За этим занятием и застал его Мэтью Бенистер, который вглядывался в темноту при тусклом свете тюремной свечи, приложив к носу платок, чтобы хоть как-то заглушить смрад человеческих отходов.
— Шатедо! — позвал он по-французски. — Я пришел повидаться с вами. Меня зовут О'Тул. Я друг капитана Вогана.
От звука его голоса в заключенном произошли любопытные изменения. Он гордо поднял голову, напряг усталую спину и выпрямил закованные в кандалы ноги.
— Ну-ну, Бенистер, — протянул он. — Я ждал вас. Как поживаете?
Гиацинт был крайне удивлен. Он сузил близорукие глаза и обнаружил, что стоит лицом к лицу с Джозефом Гейджем.

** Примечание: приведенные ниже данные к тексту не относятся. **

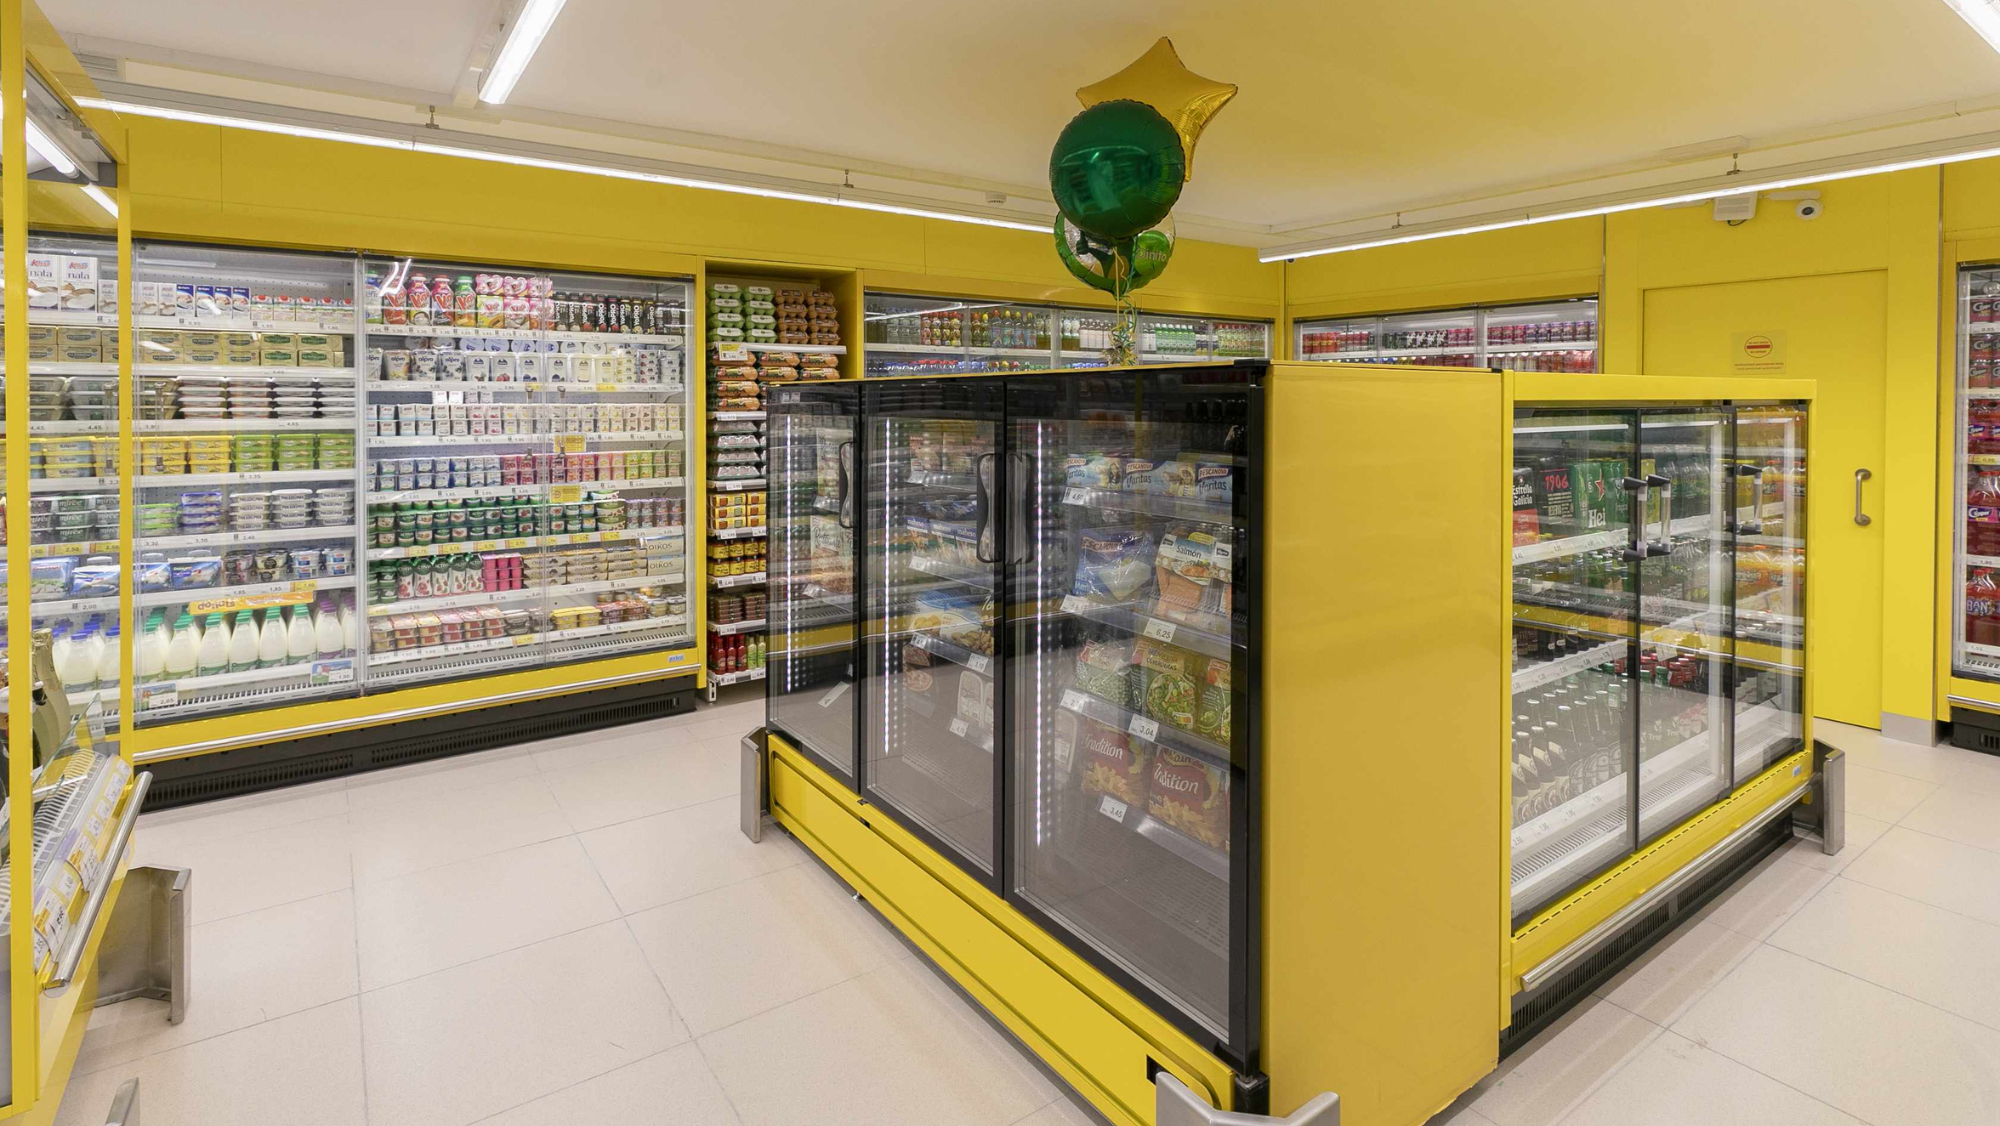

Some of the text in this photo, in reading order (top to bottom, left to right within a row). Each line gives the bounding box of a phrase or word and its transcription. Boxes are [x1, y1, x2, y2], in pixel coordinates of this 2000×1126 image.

[67, 272, 90, 280] nata
[1199, 468, 1227, 477] PESCANOVA
[1126, 474, 1152, 488] Varitas
[1198, 480, 1227, 493] Varitas
[1544, 474, 1569, 491] 1906
[1513, 484, 1533, 496] Estrella
[1513, 495, 1533, 505] Galicia
[907, 518, 925, 527] maheso
[957, 528, 977, 538] maheso
[649, 543, 673, 551] OIKOS
[1176, 545, 1202, 559] Salmón
[650, 561, 674, 569] OIKOS
[197, 600, 236, 611] donuts
[1155, 628, 1171, 639] 6,25
[1084, 733, 1123, 760] Tradition
[1153, 763, 1199, 794] Tradition
[1109, 807, 1123, 818] 3,45
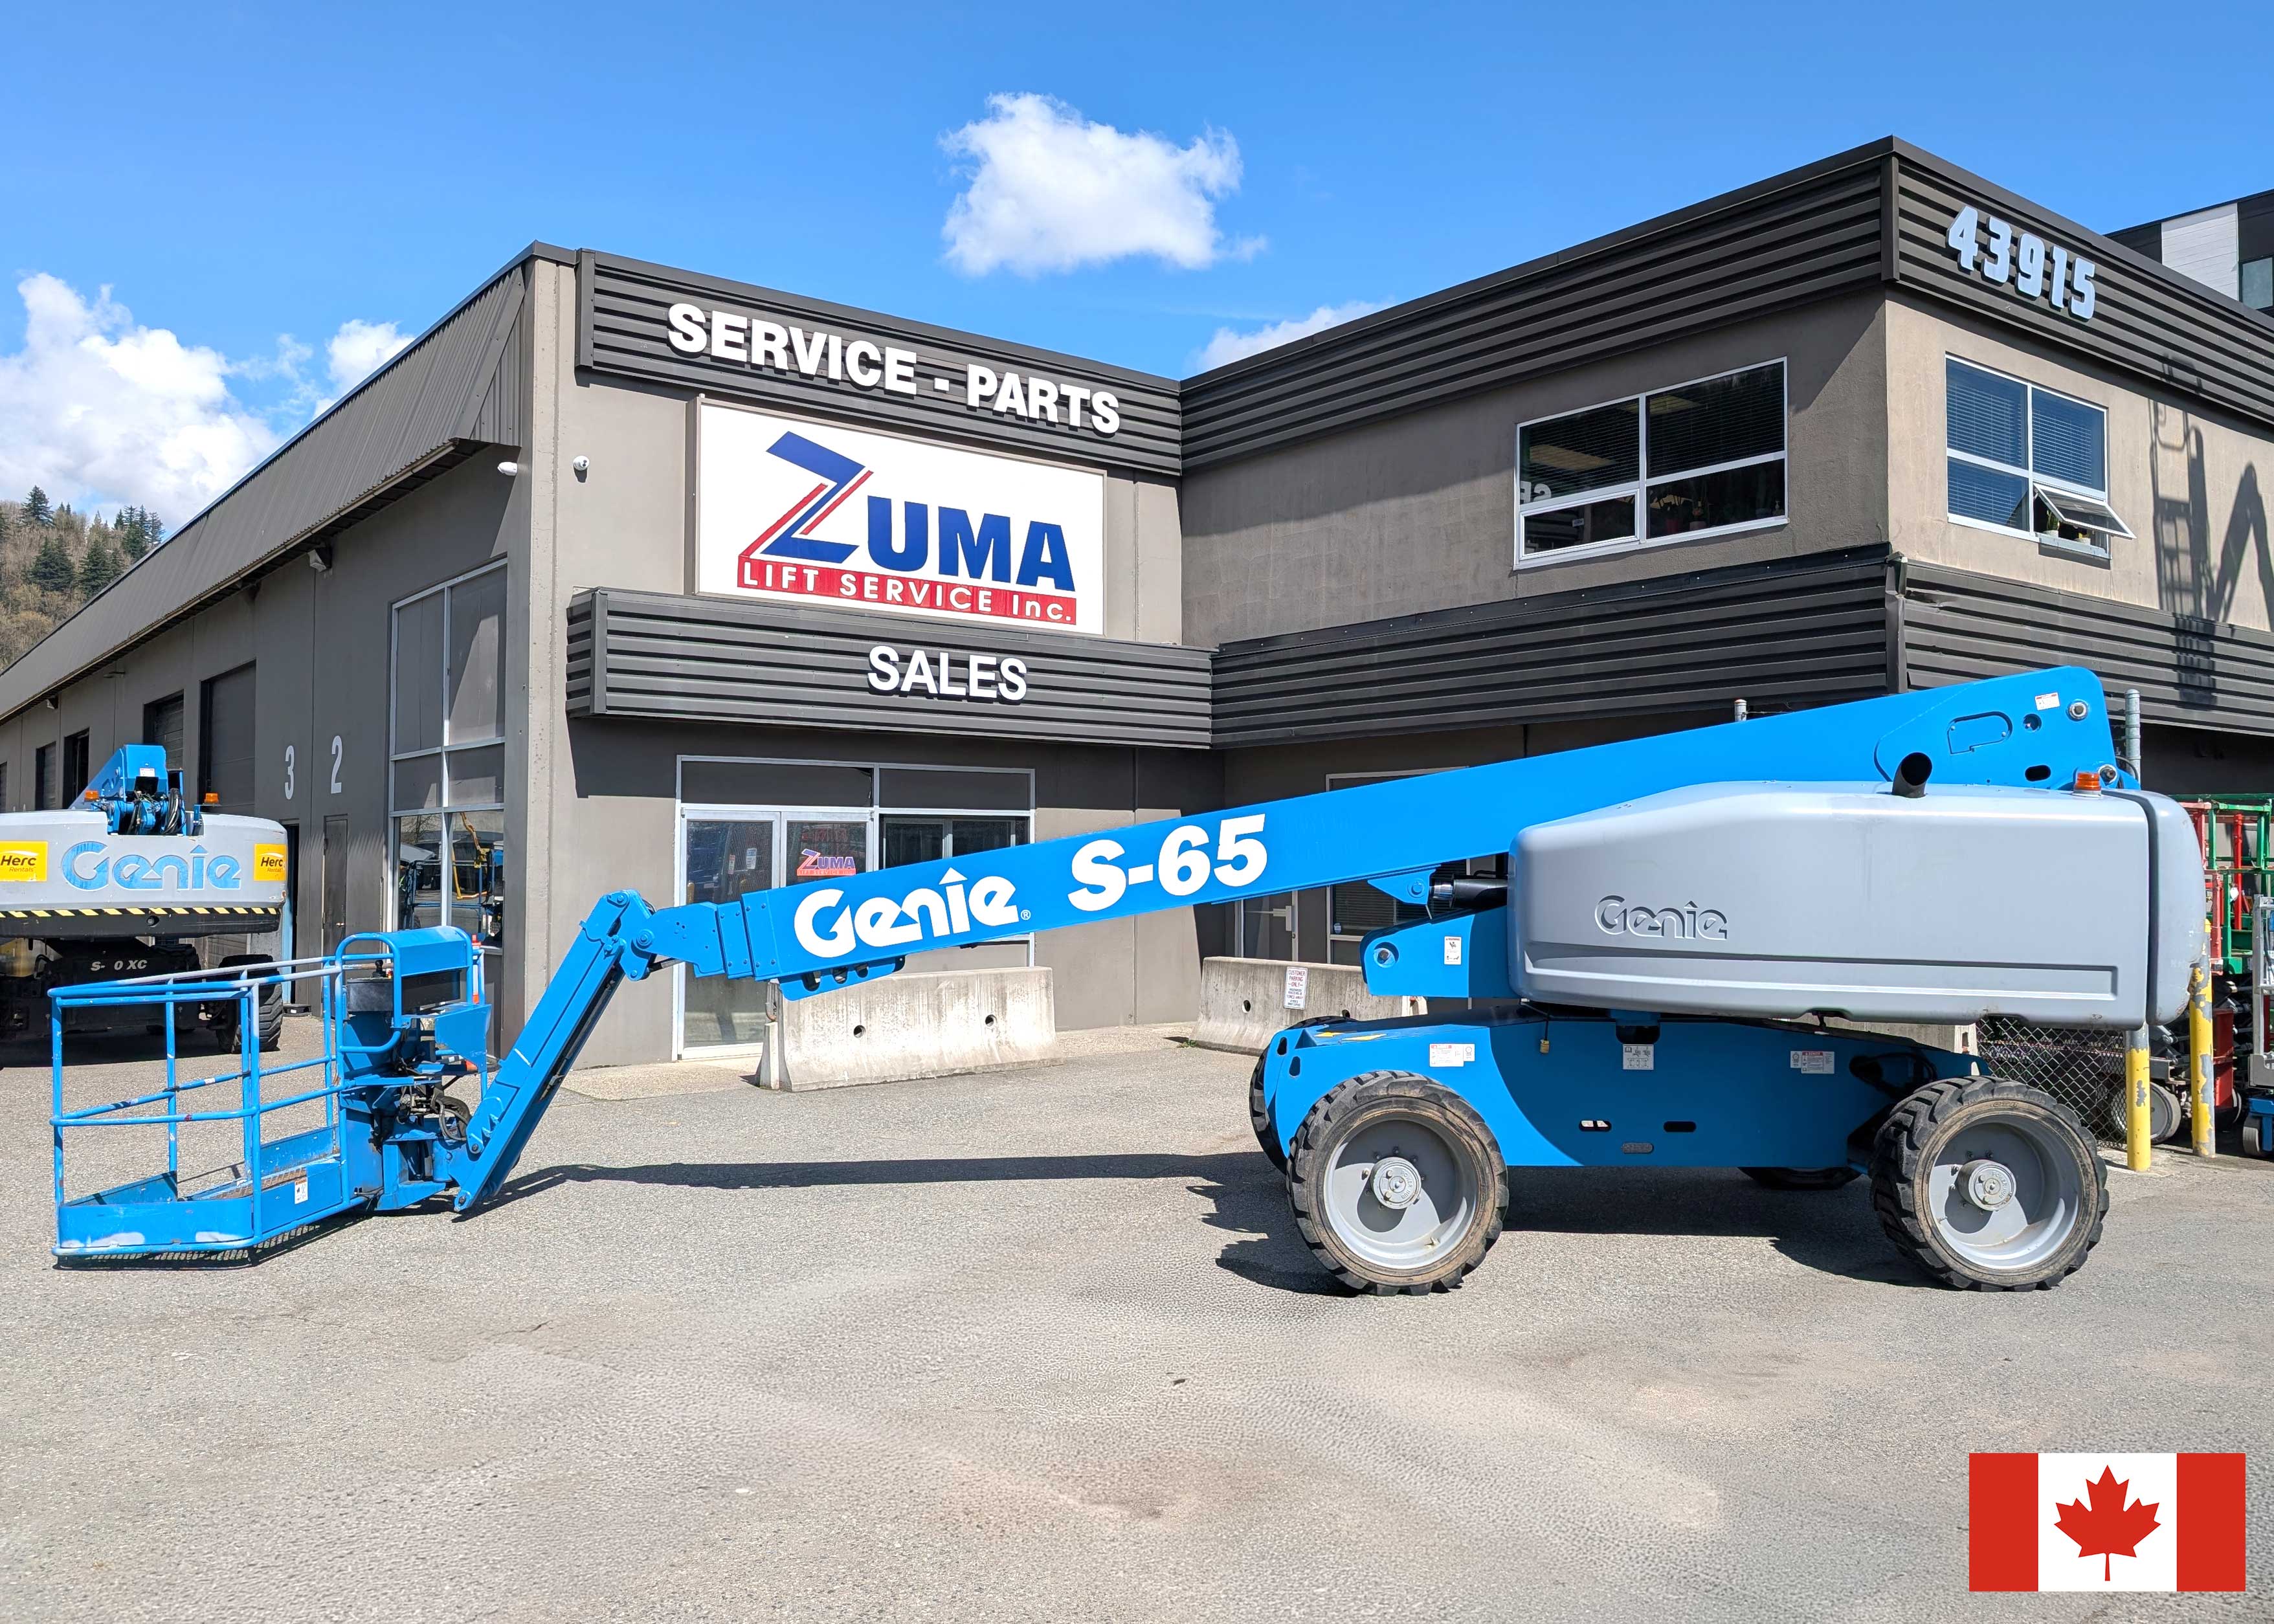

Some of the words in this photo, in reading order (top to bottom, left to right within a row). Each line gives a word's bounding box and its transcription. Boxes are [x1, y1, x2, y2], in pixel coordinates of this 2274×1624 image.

[1947, 205, 2096, 319] 43915
[668, 304, 917, 395] SERVICE
[934, 377, 950, 392] -
[968, 364, 1120, 434] PARTS
[761, 431, 1075, 592] ZUMA
[744, 561, 819, 592] LIFT
[840, 573, 992, 612] SERVICE
[1012, 594, 1073, 621] Inc.
[867, 646, 1027, 700] SALES
[285, 745, 295, 800] 3
[331, 735, 342, 794] 2
[0, 855, 37, 866] Herc
[60, 841, 241, 891] Genie
[260, 856, 284, 867] Herc
[801, 848, 856, 870] ZUMA
[1068, 814, 1267, 911] S-65
[1595, 895, 1728, 940] Genie
[126, 959, 148, 970] XC

Казалось, что в мае вернулся март — над проливом дул страшный ветер, море бушевало. Большинство пассажиров спустились к себе в каюты, страдая от морской болезни. Но на палубе стояла молодая женщина и смотрела на пляшущие волны, а рядом, заслоняя ее от брызг, стоял мужчина с огромным шрамом на лице. Наблюдая за каждым изменением выражения его лица, посторонний мог бы счесть этого человека абсолютно бесстрастным — мужчина напоминал охотника, высматривающего добычу, был спокоен, неподвижен и, похоже, старался не напоминать о своем присутствии. Но это впечатление было обманчивым. Проницательный человек сразу понял бы, что он без промедления и колебания убьет каждого, кто посмеет отнестись к его спутнице без должного уважения. Митчел, дитя скал и долин, озер и водопадов, человек с твердой волей и сильным духом, полюбил неистово. Характер его отца был таким же жестким, мать, выносившая его, умерла через час после рождения сына. Митчел был скуп на эмоции. В его жизни, лишенной теплоты, нежности, человеческой заботы, встреча с Мелиор Мэри была подобна грому среди ясного неба. Митчела самого пугала сила этого чувства.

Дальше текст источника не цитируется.